Today should be a day that I get a lot done! I've got my attitude back!

Robert and Ari >^..^<

2.1.02

Got back in the saddle again - and wrote a story. After reading three of Jack Haldeman's stories, I wound up... in his memory... doing a story that was gritty and punchy and about a kid protagonist and did involve sports and a kid who couldn't exactly play well. Asthma and twisted back and bad ankles, hip, health problems. Basically what happened to me in grade school till I had a gym slip and a life-threatening situation where he had to run and an unlikely rescuer... the same gym teacher that made his life a walking hell was the one that saved his life. I had to kill him or get him out of it and the gym teacher refused to turkey out, he was just in character. Scooped up the kid and ran like the jock he was and sort of resolved things with him in one quick line when it got too rough.
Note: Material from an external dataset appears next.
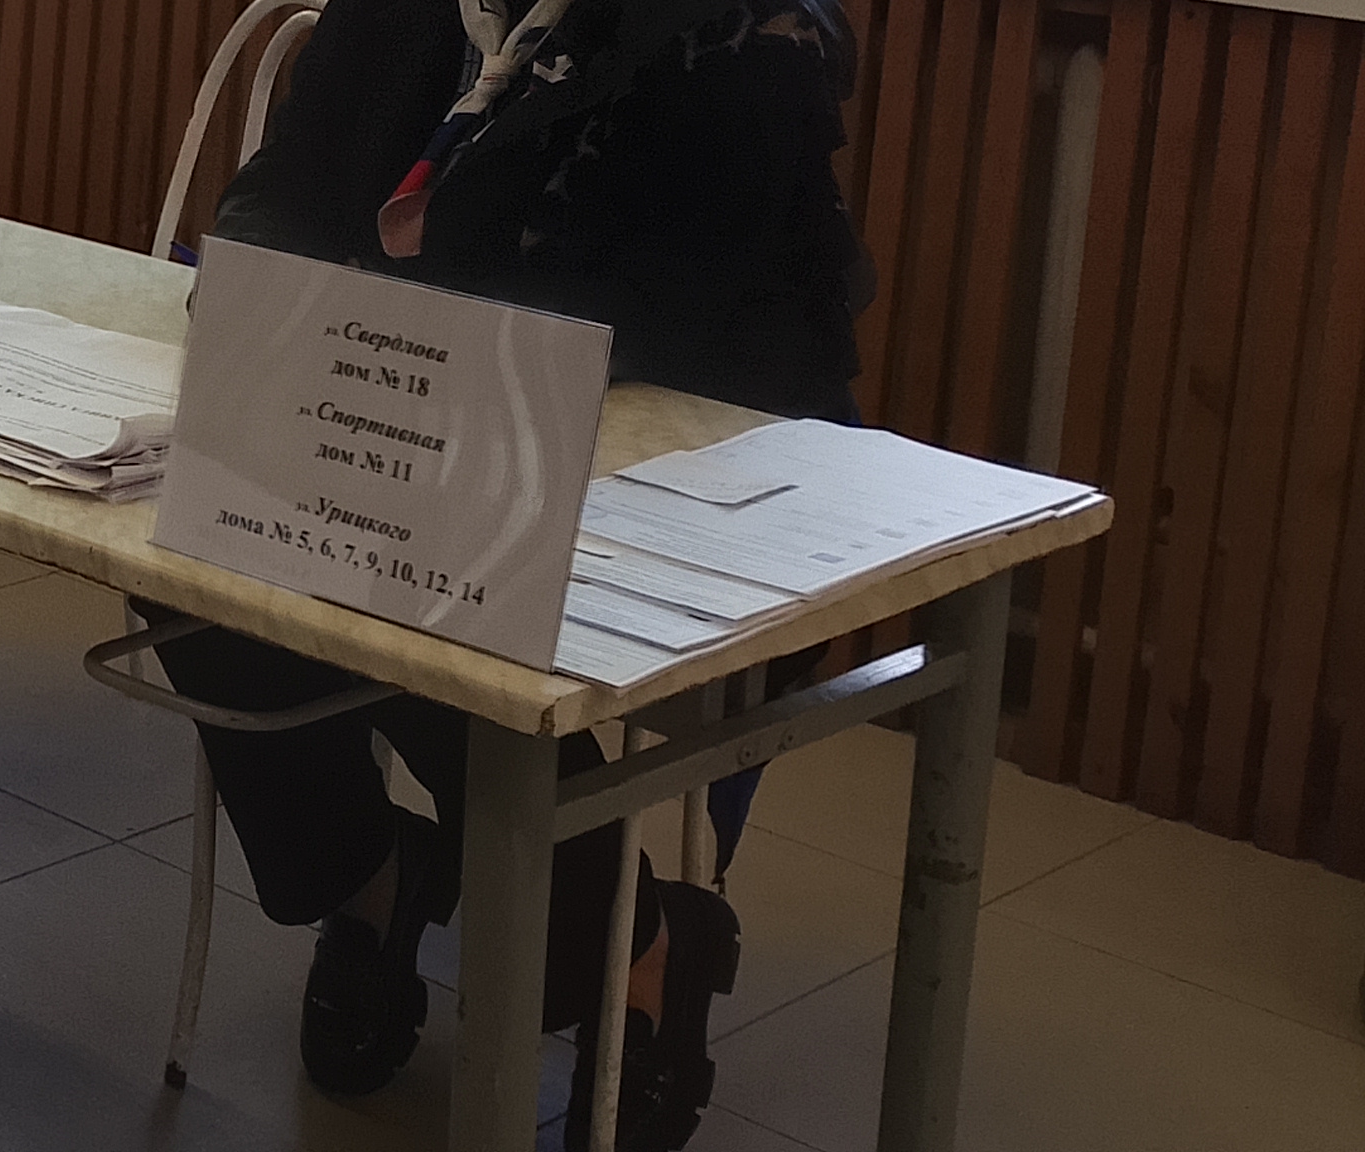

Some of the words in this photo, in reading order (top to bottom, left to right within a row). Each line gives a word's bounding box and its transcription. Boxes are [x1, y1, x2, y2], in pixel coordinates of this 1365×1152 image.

I don't know if the story's too rough for a kid's market but it could go somewhere, I know it could. Trouble is it's short, only 730 words and that was after I tweaked it and added a line of dialogue where it wanted to be.

Who knows? I'll get some advice on it and see what I can do with it. But it's powerful and if I had to fall on one side of the line between Unpublishable or Uninteresting, let it be on the Unpublishable side where it might fall into an adult market that a kid might get hold of because it ain't X rated either.

Back on the horse, Jack, I cried long enough. Miss you, man. That one's for you.

Robert and Ari >^..^<
Jack Haldeman's dead.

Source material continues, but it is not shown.